Waglerin-1 selectively blocks the epsilon form of the muscle nicotinic acetylcholine receptor

Abstract

Neonatal mice resist the lethal effect of Waglerin-1. Because Waglerin- 1 blocks the nicotinic acetylcholine receptor of mature end-plates, the appearance of lethality may result from the ε- for γ-subunit substitution. In support of this hypothesis, adult knockout (KO) mice lacking the gene coding for the ε-subunit resist the lethal effect of Waglerin-1. In contrast, heterozygous litter mates respond to Waglerin-1 like adult wild- type mice. In vitro application of 1 μM Waglerin-1 inhibited spontaneous miniature end-plate potentials and evoked end-plate potentials of adult wild- type and heterozygous KO mice. Both miniature end-plate potentials and end- plate potentials of neonatal wild-type and adult homozygous KO mice resisted Waglerin-1. Waglerin-1 decreased the end-plate response of adult wild-type mice to iontophoretically applied acetylcholine (ACh) with an IC50 value of 50 nM; 1 μM Waglerin-1 decreased the ACh response to 4 ± 1% of control for adult heterozygous KO mice.
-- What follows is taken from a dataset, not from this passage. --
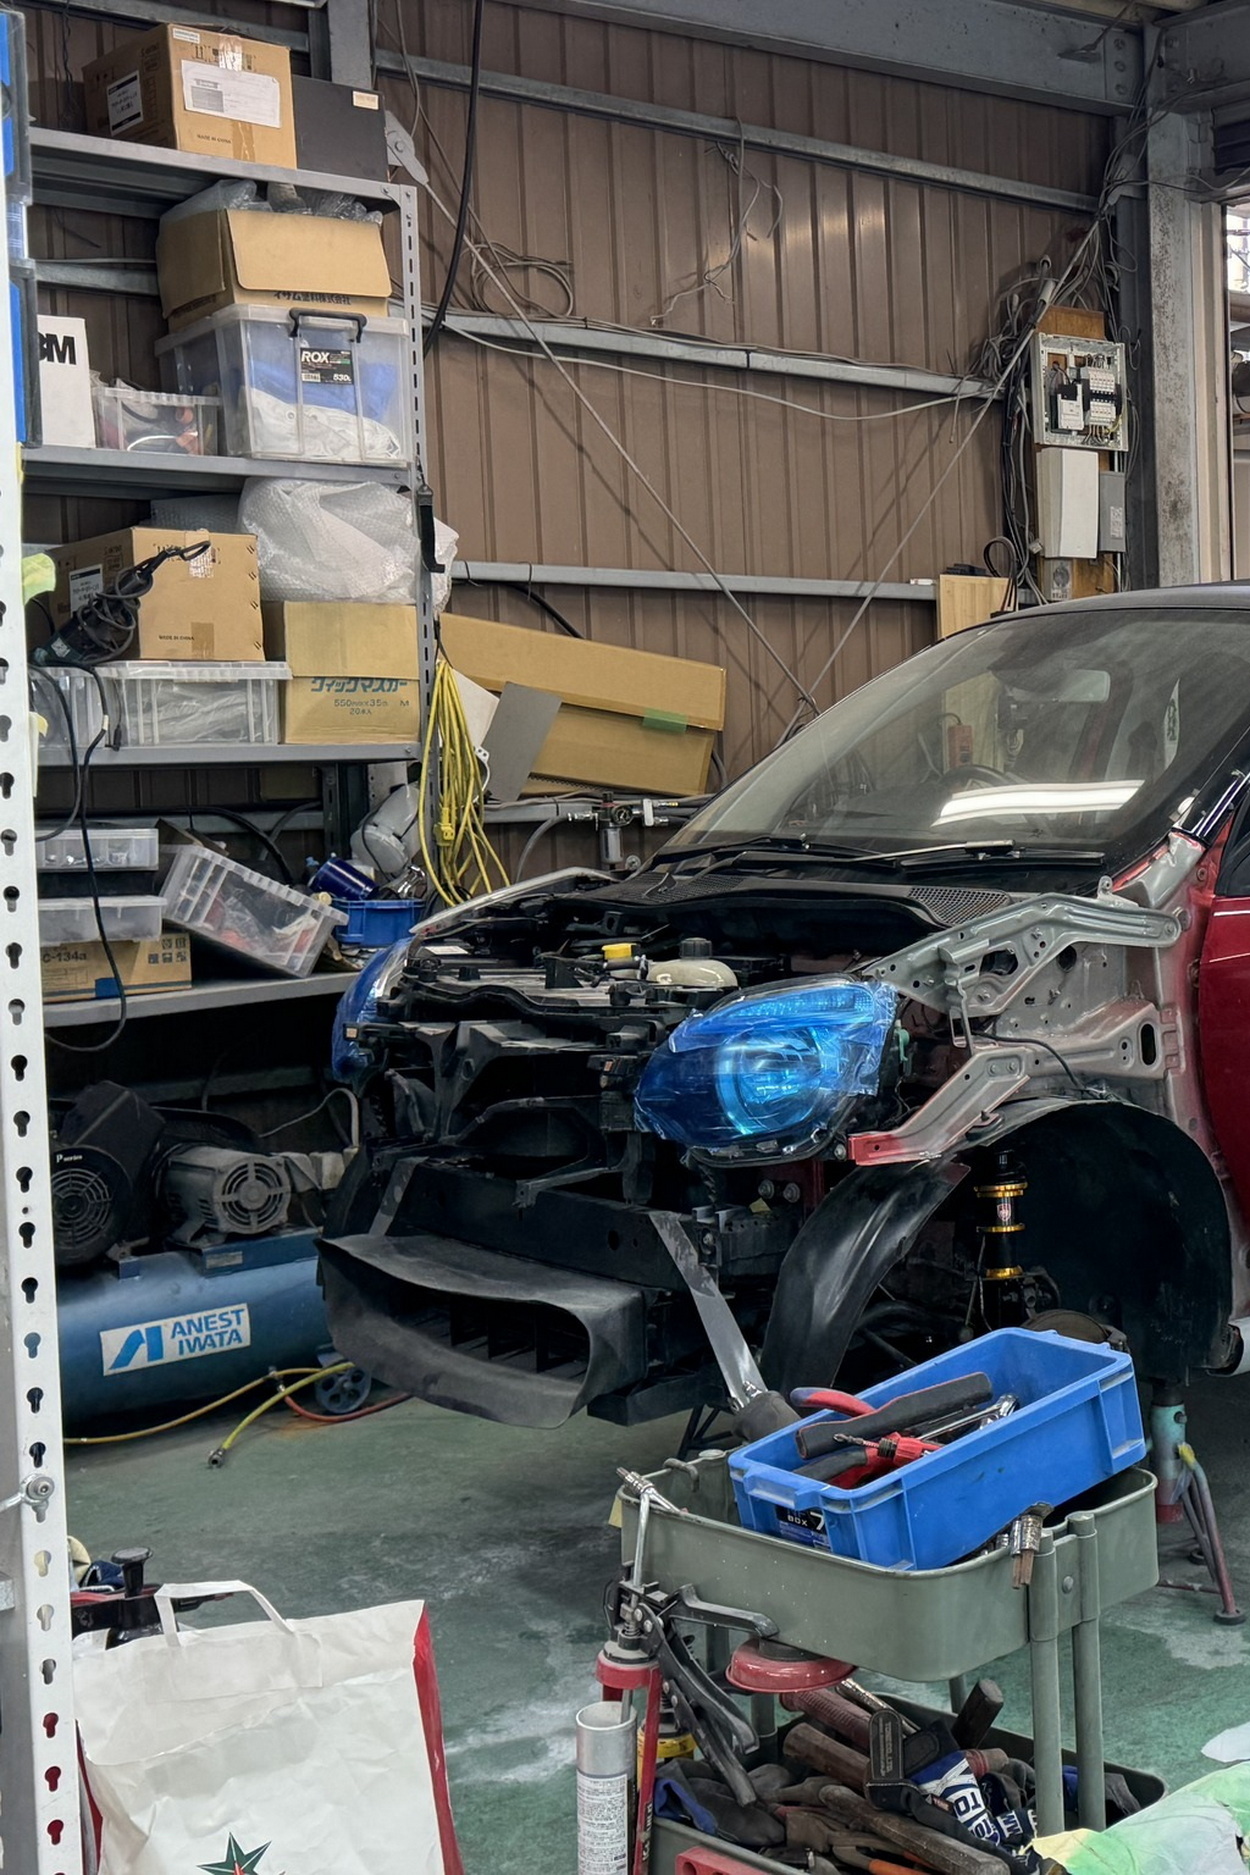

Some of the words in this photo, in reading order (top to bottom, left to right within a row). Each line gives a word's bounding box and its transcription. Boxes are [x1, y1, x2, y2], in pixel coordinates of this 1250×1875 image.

In contrast, 1 μM Waglerin-1 decreased the ACh response to 73 ± 2% of control for wild-type mice less than 11 days old and had no effect on the ACh response of adult homozygous KO mice. Between 11 and 12 days after birth, the suppressant effect of Waglerin-1 on wild-type end- plate responses to ACh dramatically increased. Waglerin-1 reduced binding of α-bungarotoxin to end-plates of adult but not neonatal wild-type mice. These data demonstrate that Waglerin-1 selectively blocks the mouse muscle nicotinic acetylcholine receptor containing the ε-subunit.